■ Exercise instructions: Reproduce, without alteration, every line of the data; exclude the images.
== Source data
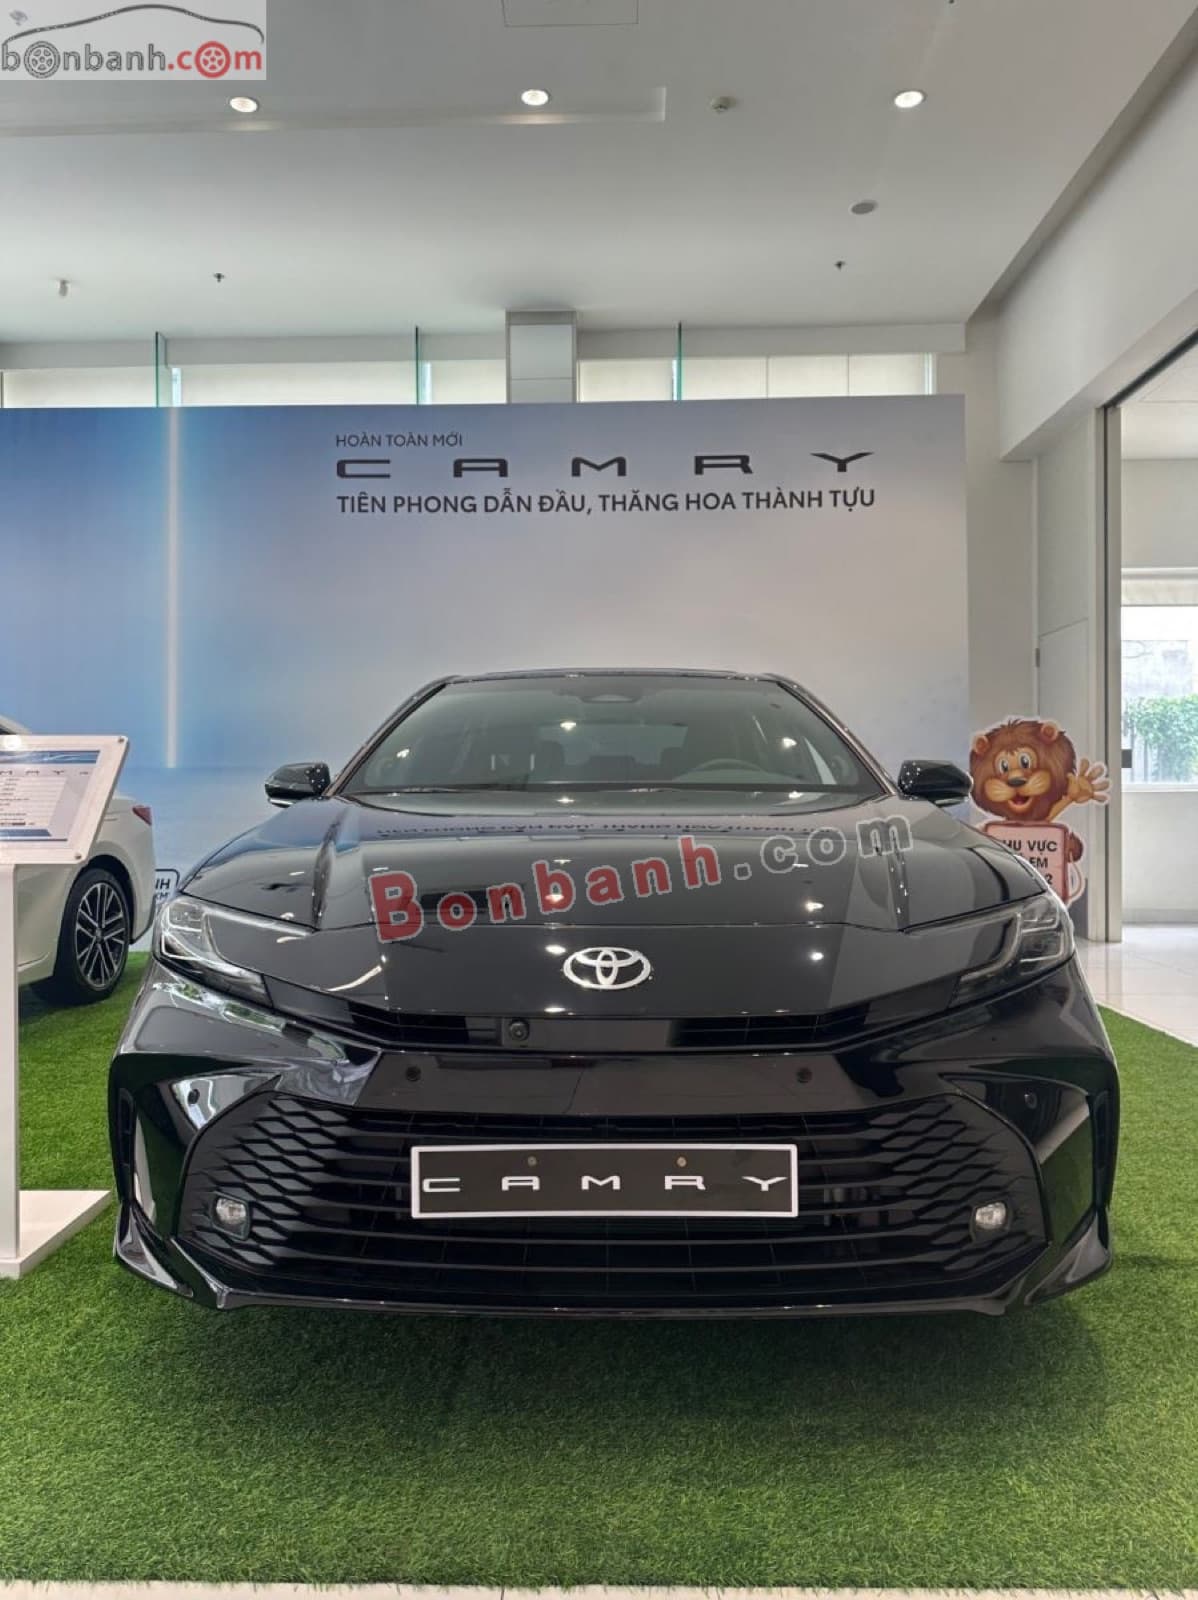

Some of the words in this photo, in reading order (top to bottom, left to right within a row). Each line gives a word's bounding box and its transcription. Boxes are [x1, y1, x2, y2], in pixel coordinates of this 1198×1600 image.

[336, 432, 381, 448] HOÀN
[385, 432, 428, 448] TOÀN
[433, 431, 463, 447] MỚI
[336, 452, 875, 479] CAMRY
[337, 491, 386, 513] TIÊN
[393, 495, 477, 513] PHONG
[484, 487, 532, 513] DẪN
[538, 488, 592, 515] ĐẦU,
[598, 489, 679, 512] THĂNG
[686, 492, 736, 511] HOA
[742, 486, 822, 510] THÀNH
[829, 486, 875, 512] TỰU
[1028, 839, 1057, 855] VỰC
[422, 1175, 787, 1193] CAMRY
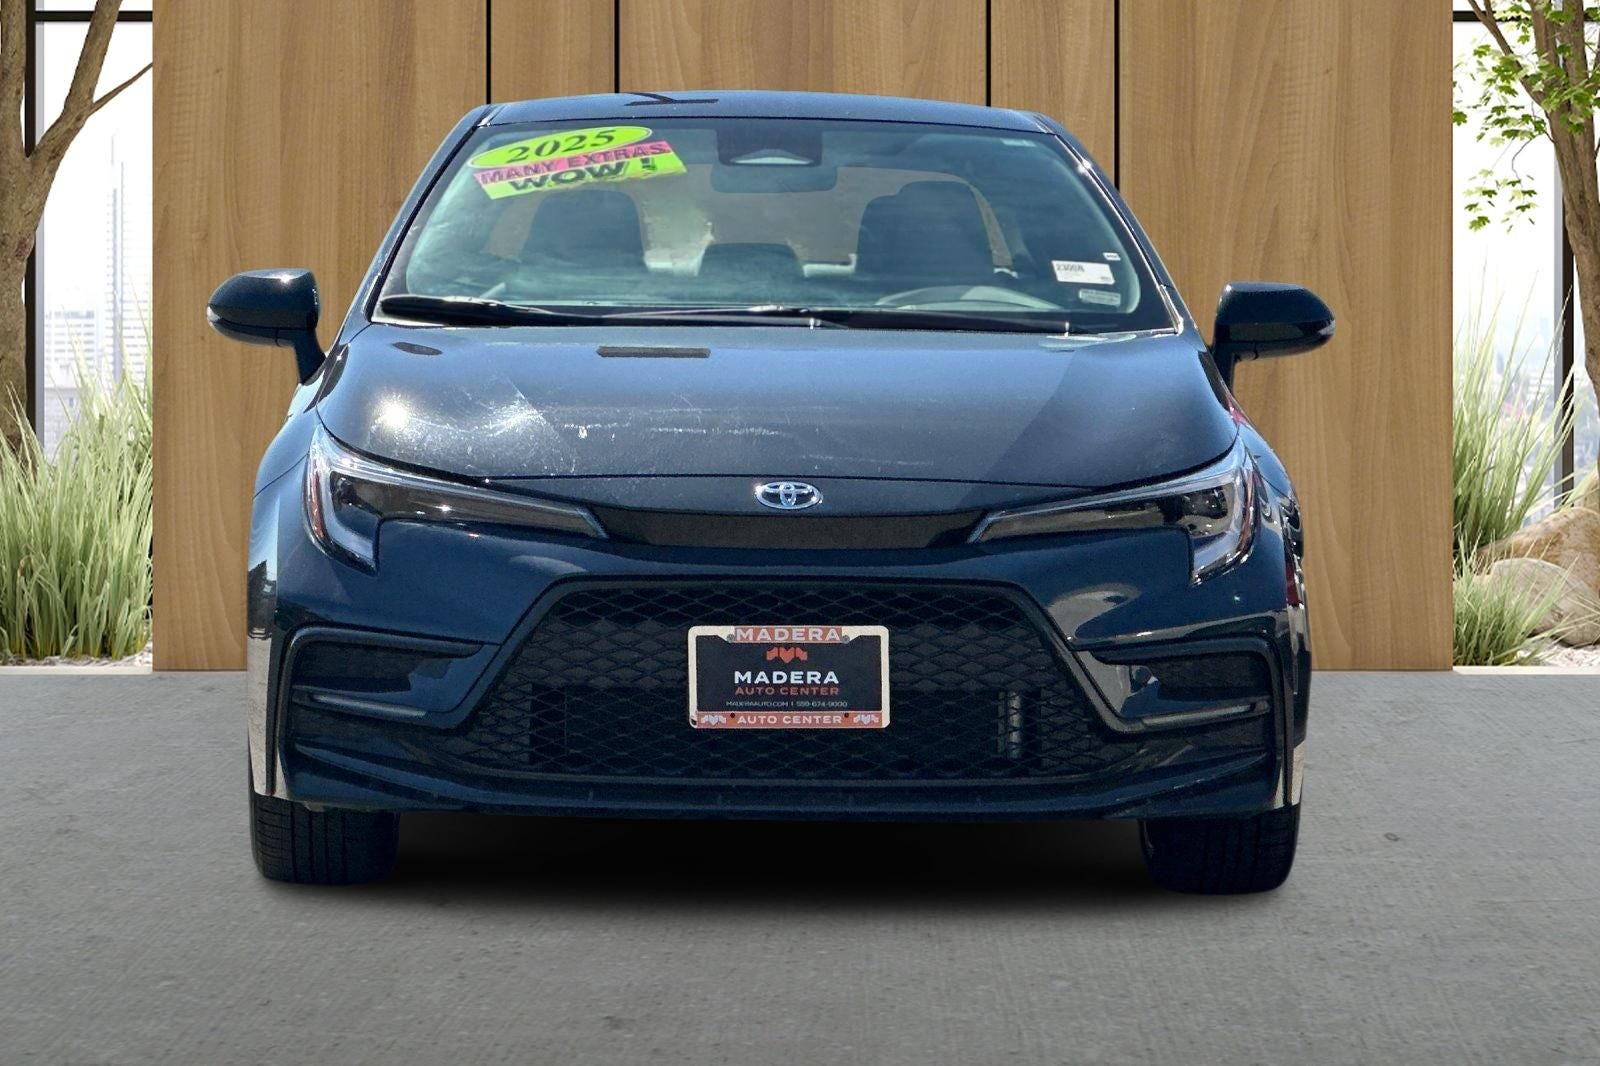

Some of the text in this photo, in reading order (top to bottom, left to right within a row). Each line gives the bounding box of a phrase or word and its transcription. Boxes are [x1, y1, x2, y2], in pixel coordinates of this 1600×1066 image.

[508, 130, 616, 163] 2025
[480, 142, 671, 184] MANY EXTRAS
[736, 628, 841, 641] MADERA
[734, 671, 839, 684] MADERA
[735, 686, 839, 696] AUTO CENTER
[737, 715, 842, 724] AUTO CENTER
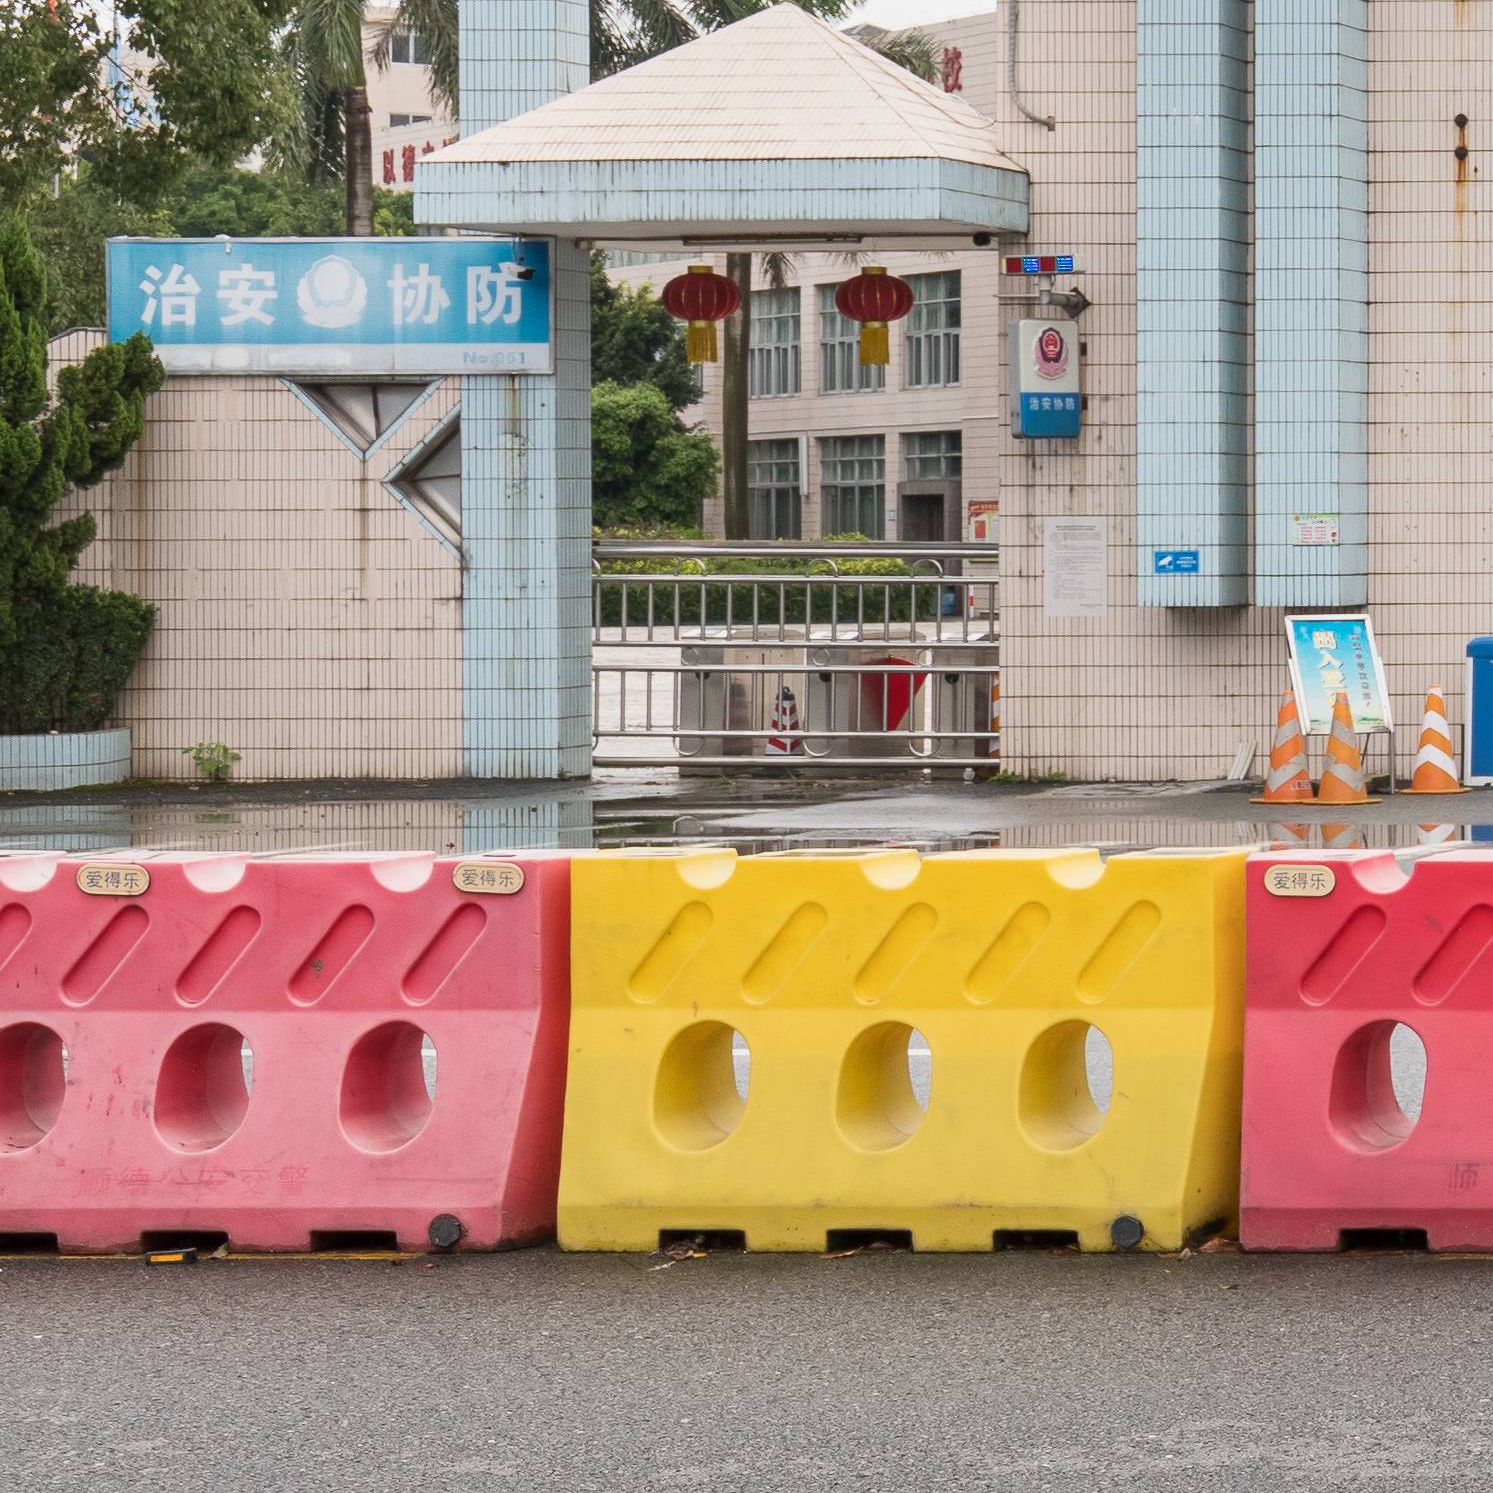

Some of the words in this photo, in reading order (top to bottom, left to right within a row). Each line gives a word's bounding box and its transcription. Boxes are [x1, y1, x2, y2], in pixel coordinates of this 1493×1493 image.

[139, 263, 279, 326] 治安
[388, 262, 523, 326] 协防
[86, 871, 139, 888] 爱得乐
[461, 870, 514, 887] 爱得乐
[1273, 872, 1326, 889] 爱得乐
====
■ Solved exercise:
Some of the words in this photo, in reading order (top to bottom, left to right within a row). Each line gives a word's bounding box and its transcription. Boxes are [x1, y1, x2, y2], in pixel coordinates of this 1198×1600 image.

[336, 432, 381, 448] HOÀN
[385, 432, 428, 448] TOÀN
[433, 431, 463, 447] MỚI
[336, 452, 875, 479] CAMRY
[337, 491, 386, 513] TIÊN
[393, 495, 477, 513] PHONG
[484, 487, 532, 513] DẪN
[538, 488, 592, 515] ĐẦU,
[598, 489, 679, 512] THĂNG
[686, 492, 736, 511] HOA
[742, 486, 822, 510] THÀNH
[829, 486, 875, 512] TỰU
[1028, 839, 1057, 855] VỰC
[422, 1175, 787, 1193] CAMRY

Some of the text in this photo, in reading order (top to bottom, left to right within a row). Each line gives the bounding box of a phrase or word and its transcription. Boxes are [x1, y1, x2, y2], in pixel coordinates of this 1600×1066 image.

[508, 130, 616, 163] 2025
[480, 142, 671, 184] MANY EXTRAS
[736, 628, 841, 641] MADERA
[734, 671, 839, 684] MADERA
[735, 686, 839, 696] AUTO CENTER
[737, 715, 842, 724] AUTO CENTER

Some of the words in this photo, in reading order (top to bottom, left to right within a row). Each line gives a word's bounding box and its transcription. Boxes are [x1, y1, x2, y2], in pixel coordinates of this 1493×1493 image.

[139, 263, 279, 326] 治安
[388, 262, 523, 326] 协防
[86, 871, 139, 888] 爱得乐
[461, 870, 514, 887] 爱得乐
[1273, 872, 1326, 889] 爱得乐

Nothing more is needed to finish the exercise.